● **WHAT IS BEING ASKED**
Set down each record below precisely, skipping the pictures.

● **DATASET EXTRACT**
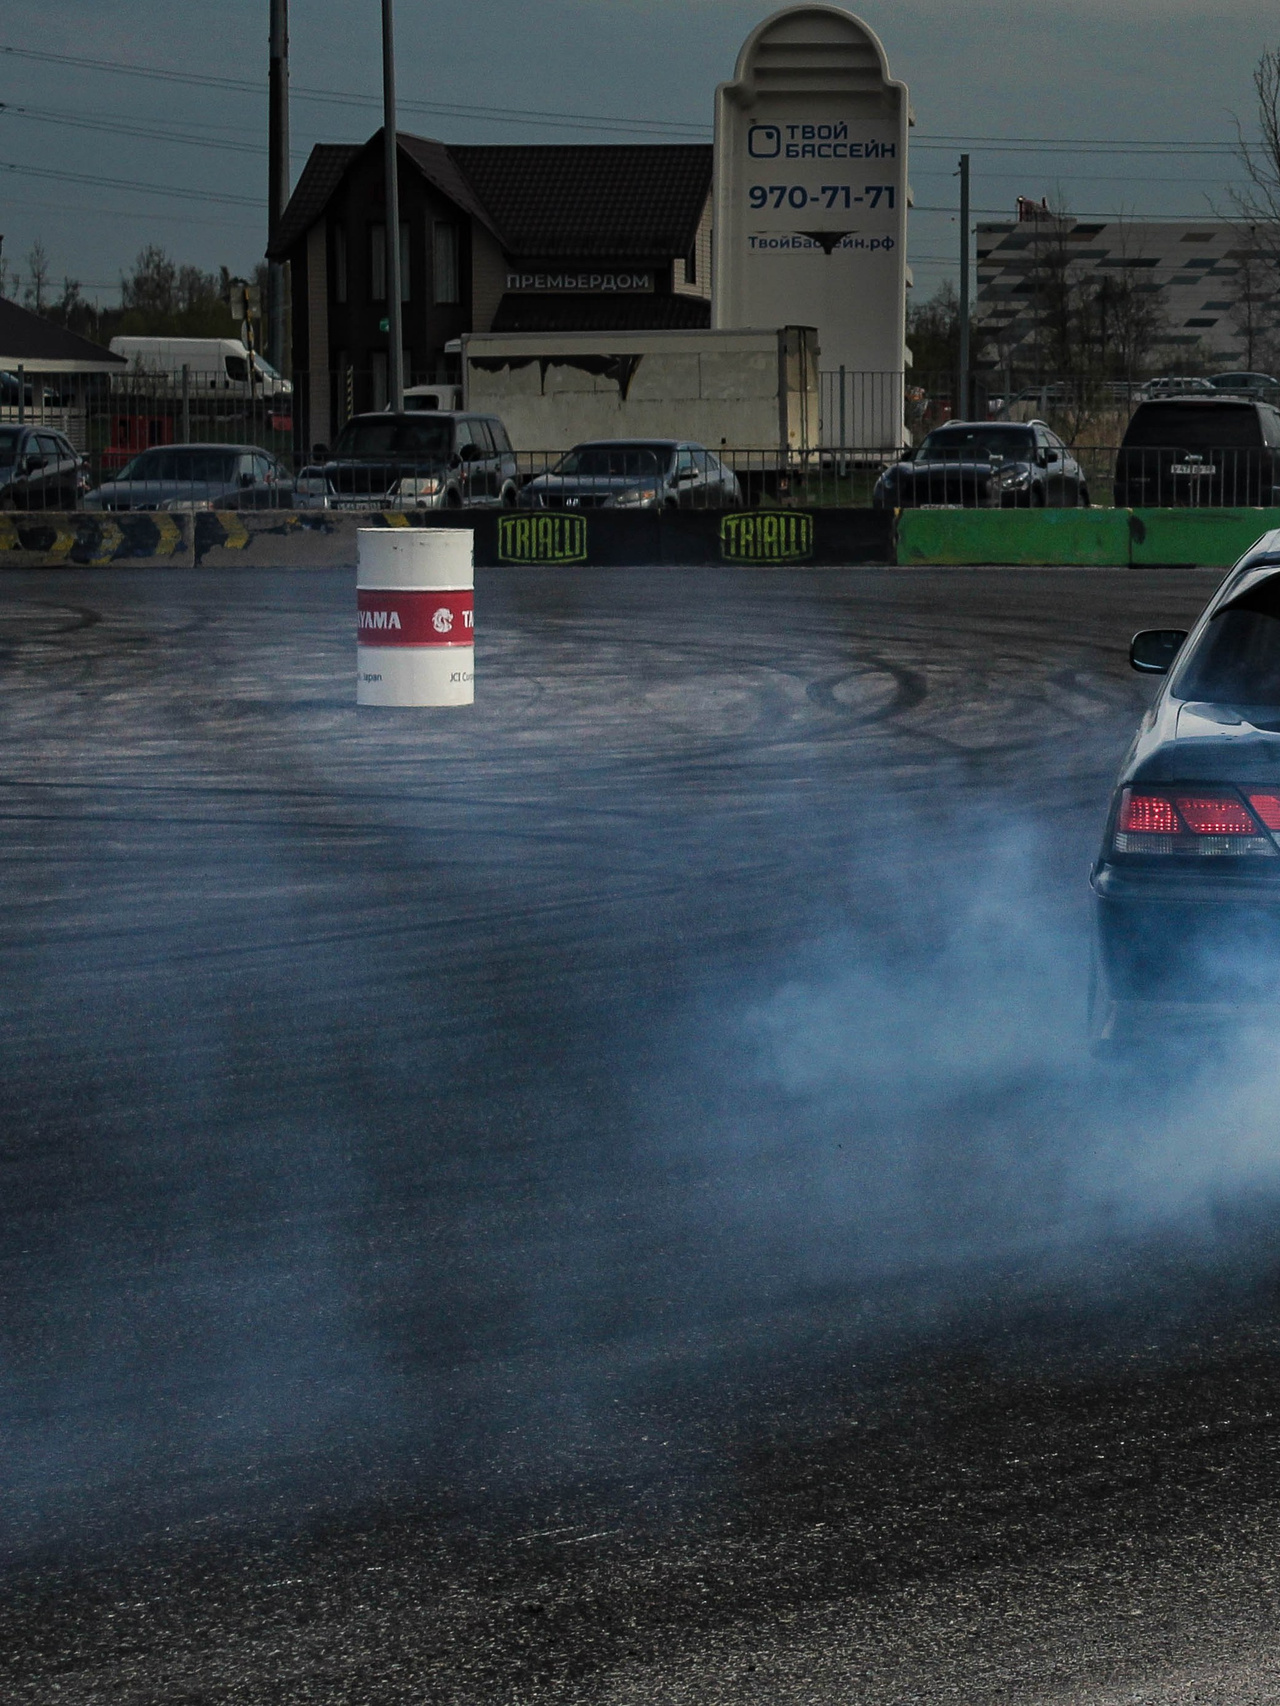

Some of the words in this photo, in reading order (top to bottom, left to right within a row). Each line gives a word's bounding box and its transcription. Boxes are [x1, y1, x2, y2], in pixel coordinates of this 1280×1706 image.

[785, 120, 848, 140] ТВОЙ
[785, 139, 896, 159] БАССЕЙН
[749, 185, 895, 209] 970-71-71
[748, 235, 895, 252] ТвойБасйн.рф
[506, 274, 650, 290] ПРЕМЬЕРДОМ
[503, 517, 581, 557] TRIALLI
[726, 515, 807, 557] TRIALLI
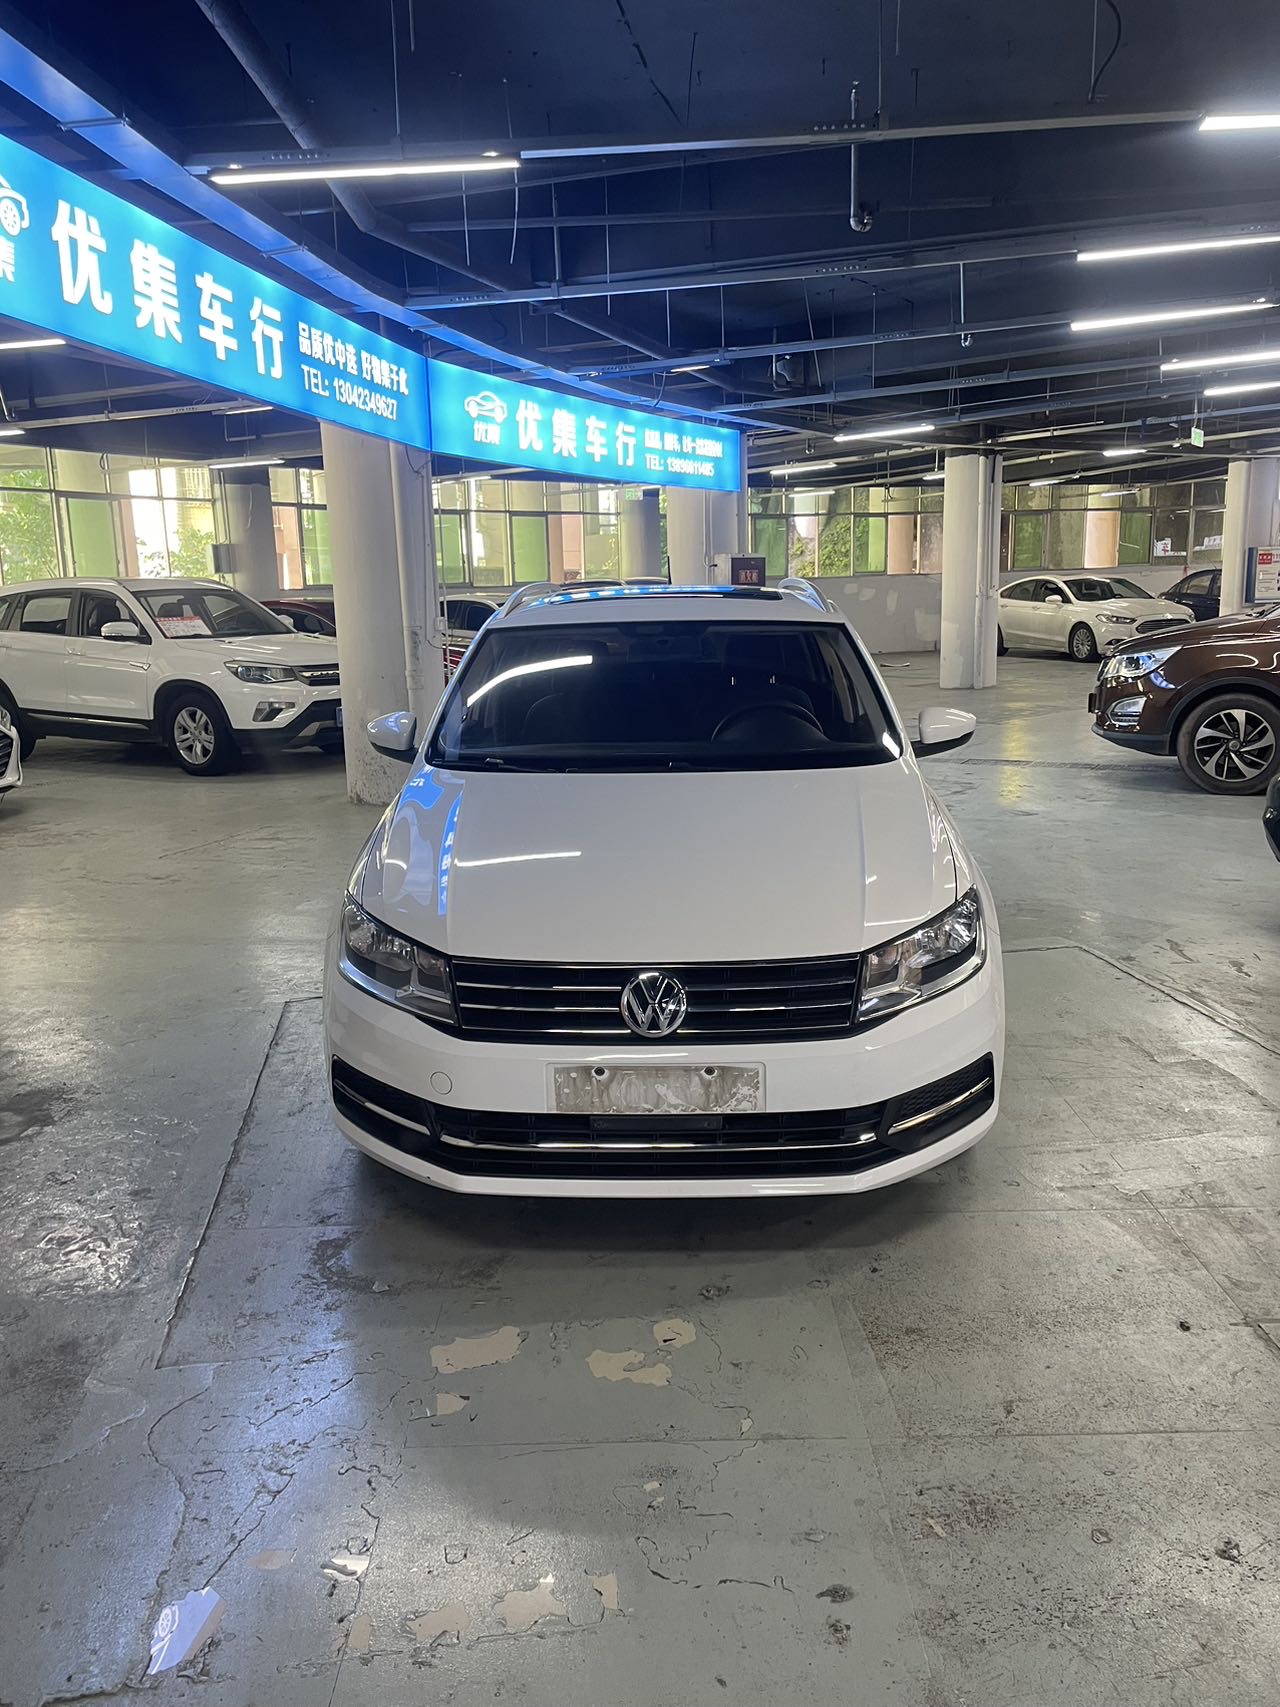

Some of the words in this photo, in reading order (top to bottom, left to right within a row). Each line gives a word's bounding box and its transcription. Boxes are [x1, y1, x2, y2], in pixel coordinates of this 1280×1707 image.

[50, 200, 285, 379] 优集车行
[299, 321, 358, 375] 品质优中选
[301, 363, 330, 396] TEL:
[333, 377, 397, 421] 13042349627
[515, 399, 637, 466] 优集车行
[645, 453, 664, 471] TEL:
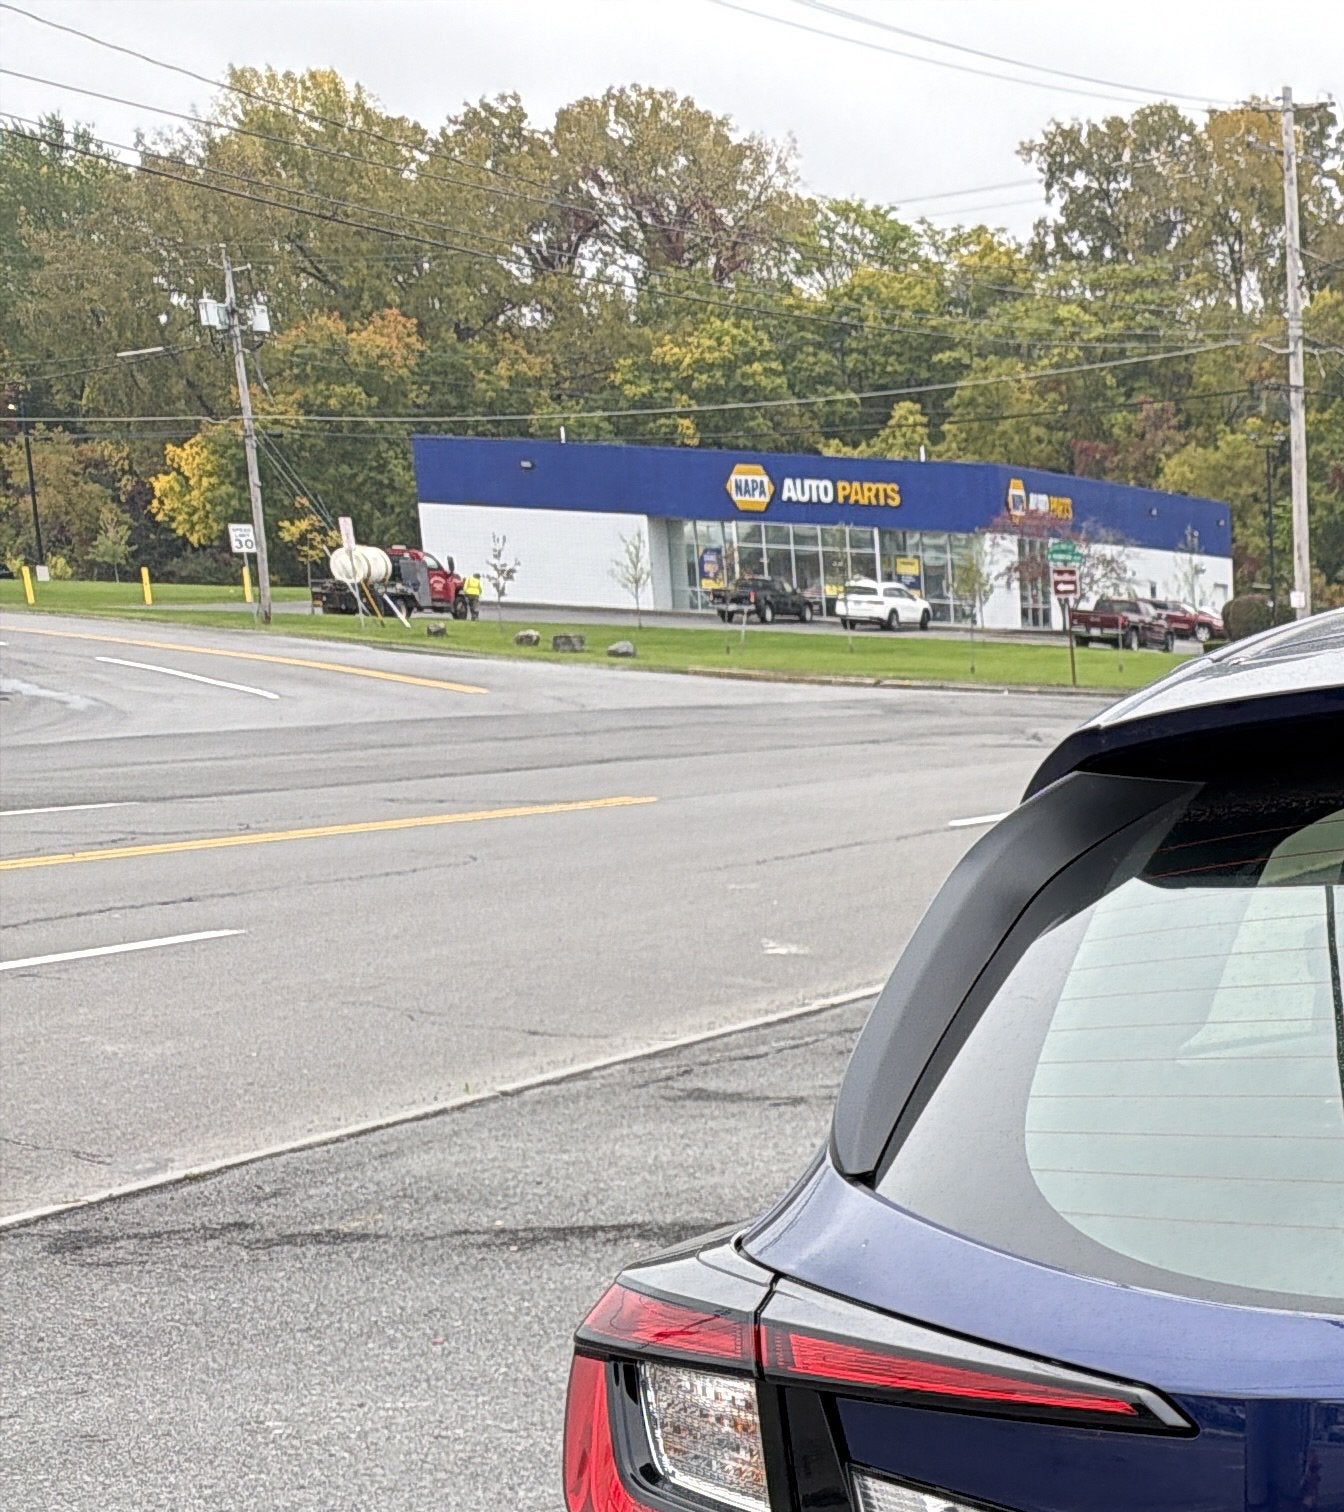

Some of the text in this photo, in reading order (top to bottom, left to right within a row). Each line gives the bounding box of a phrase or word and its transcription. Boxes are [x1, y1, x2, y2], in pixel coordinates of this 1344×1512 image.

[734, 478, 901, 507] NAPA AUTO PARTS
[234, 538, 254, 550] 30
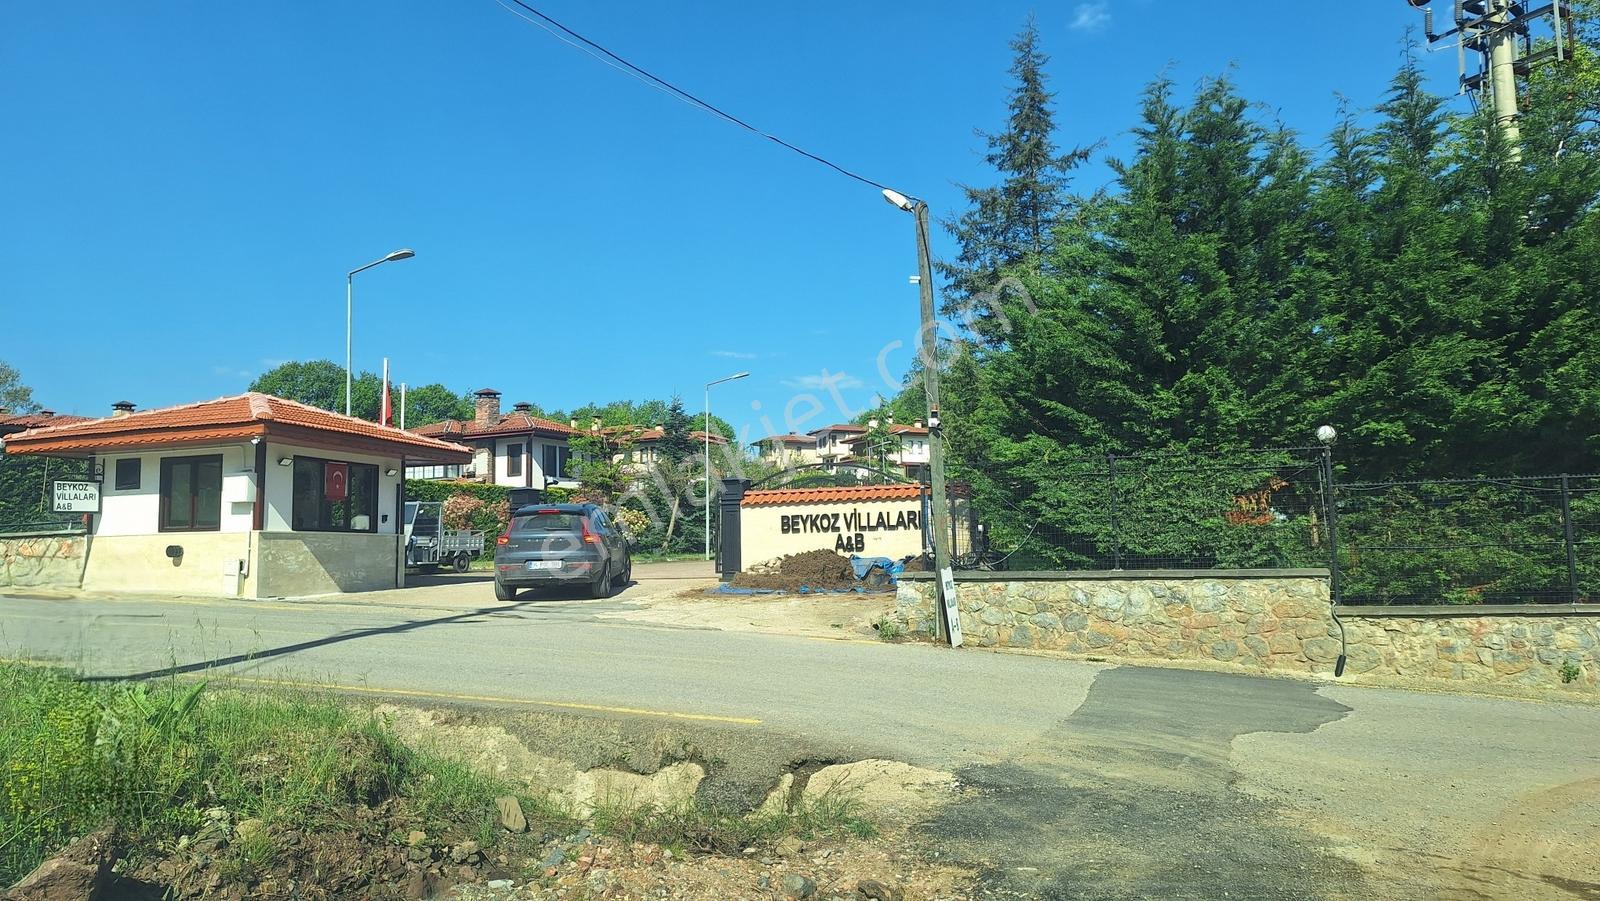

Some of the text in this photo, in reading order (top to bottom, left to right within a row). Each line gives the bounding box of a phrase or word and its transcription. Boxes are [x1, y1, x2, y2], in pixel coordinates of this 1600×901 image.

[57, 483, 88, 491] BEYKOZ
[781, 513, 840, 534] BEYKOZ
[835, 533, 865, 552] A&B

● **FINISHED EXERCISE**
Some of the words in this photo, in reading order (top to bottom, left to right within a row). Each line gives a word's bounding box and its transcription. Boxes are [x1, y1, x2, y2], in pixel coordinates of this 1280×1706 image.

[785, 120, 848, 140] ТВОЙ
[785, 139, 896, 159] БАССЕЙН
[749, 185, 895, 209] 970-71-71
[748, 235, 895, 252] ТвойБасйн.рф
[506, 274, 650, 290] ПРЕМЬЕРДОМ
[503, 517, 581, 557] TRIALLI
[726, 515, 807, 557] TRIALLI

Some of the words in this photo, in reading order (top to bottom, left to right within a row). Each line gives a word's bounding box and its transcription. Boxes are [x1, y1, x2, y2], in pixel coordinates of this 1280×1707 image.

[50, 200, 285, 379] 优集车行
[299, 321, 358, 375] 品质优中选
[301, 363, 330, 396] TEL:
[333, 377, 397, 421] 13042349627
[515, 399, 637, 466] 优集车行
[645, 453, 664, 471] TEL:

Some of the text in this photo, in reading order (top to bottom, left to right within a row). Each line gives the bounding box of a phrase or word and its transcription. Boxes are [x1, y1, x2, y2], in pixel coordinates of this 1344×1512 image.

[734, 478, 901, 507] NAPA AUTO PARTS
[234, 538, 254, 550] 30

Some of the text in this photo, in reading order (top to bottom, left to right within a row). Each line gives the bounding box of a phrase or word and its transcription. Boxes are [x1, y1, x2, y2], in pixel coordinates of this 1600×901 image.

[57, 483, 88, 491] BEYKOZ
[781, 513, 840, 534] BEYKOZ
[835, 533, 865, 552] A&B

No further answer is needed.